:: WHAT TO WORK ON ::
Pictures aside, can you reproduce the records word for word?

- Opening Delimiter -

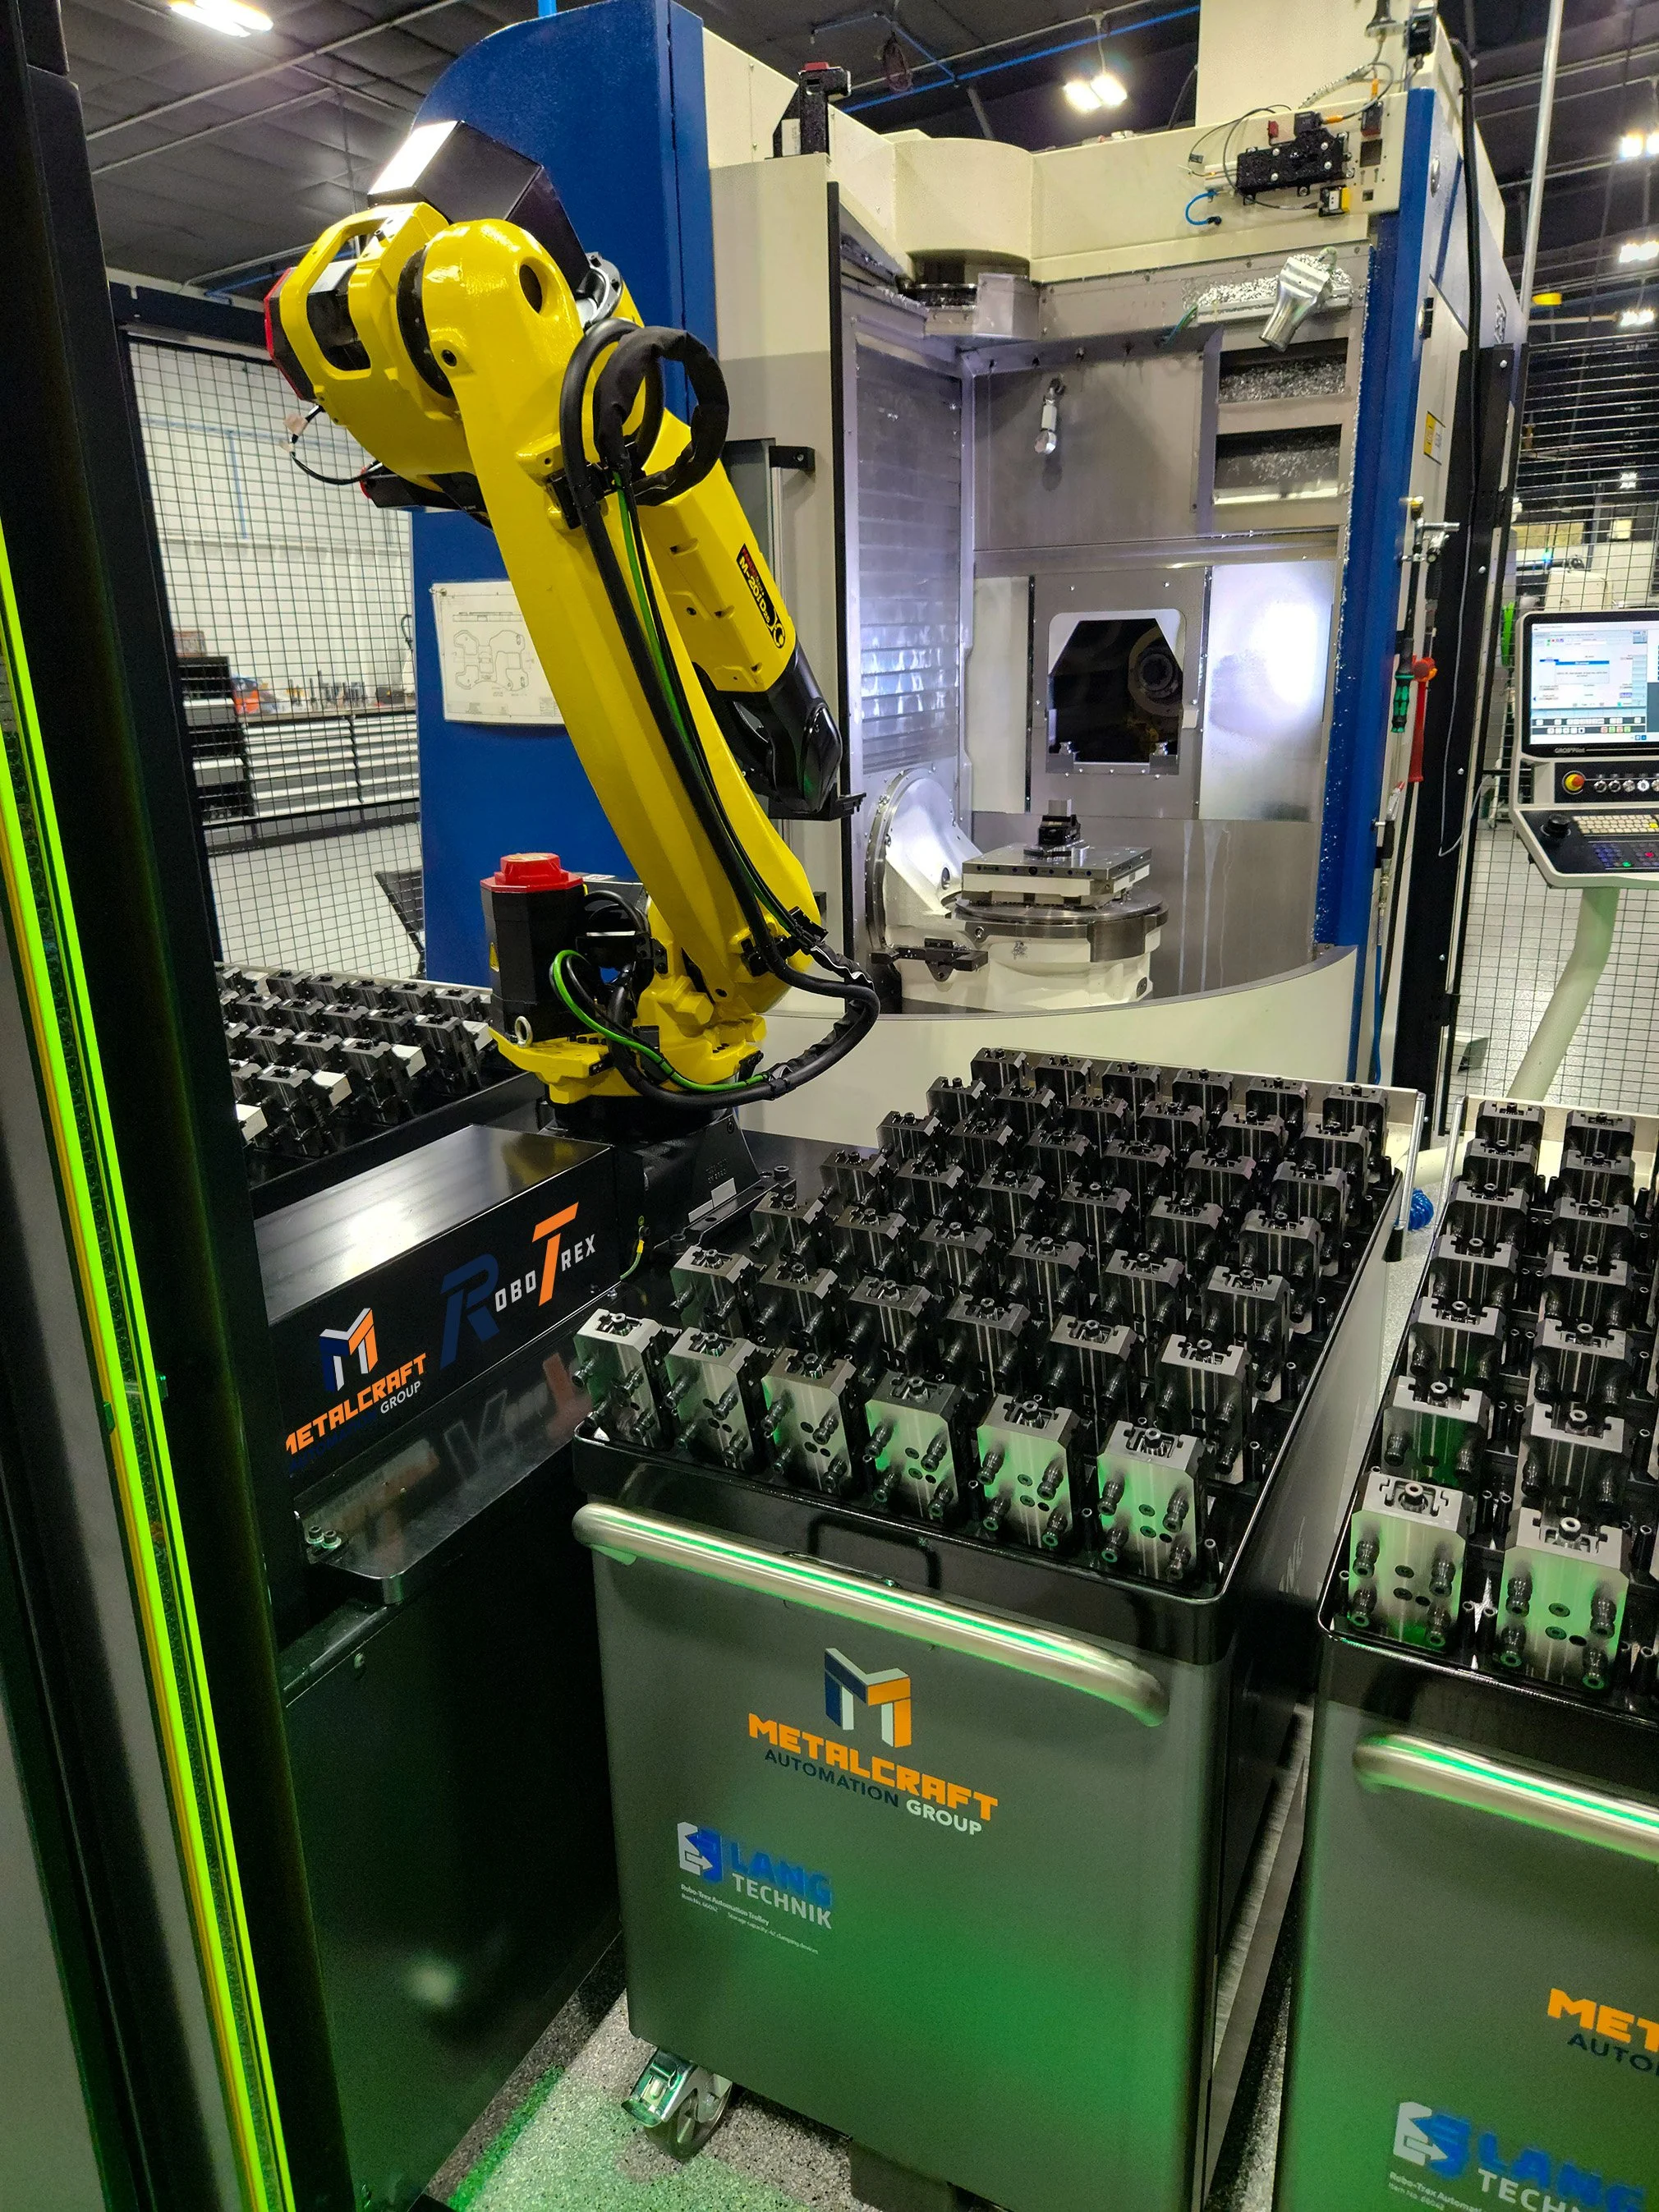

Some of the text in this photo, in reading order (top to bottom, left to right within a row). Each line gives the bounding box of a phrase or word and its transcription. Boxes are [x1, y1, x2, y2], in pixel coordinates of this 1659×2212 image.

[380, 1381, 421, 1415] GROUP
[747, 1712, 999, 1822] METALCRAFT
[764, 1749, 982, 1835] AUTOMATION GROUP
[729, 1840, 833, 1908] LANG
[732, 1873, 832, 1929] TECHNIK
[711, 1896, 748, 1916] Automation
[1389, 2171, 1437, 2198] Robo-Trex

- Closing Delimiter -

:: ANSWER BELOW ::
Some of the text in this photo, in reading order (top to bottom, left to right within a row). Each line gives the bounding box of a phrase or word and its transcription. Boxes are [x1, y1, x2, y2], in pixel coordinates of this 1659×2212 image.

[380, 1381, 421, 1415] GROUP
[747, 1712, 999, 1822] METALCRAFT
[764, 1749, 982, 1835] AUTOMATION GROUP
[729, 1840, 833, 1908] LANG
[732, 1873, 832, 1929] TECHNIK
[711, 1896, 748, 1916] Automation
[1389, 2171, 1437, 2198] Robo-Trex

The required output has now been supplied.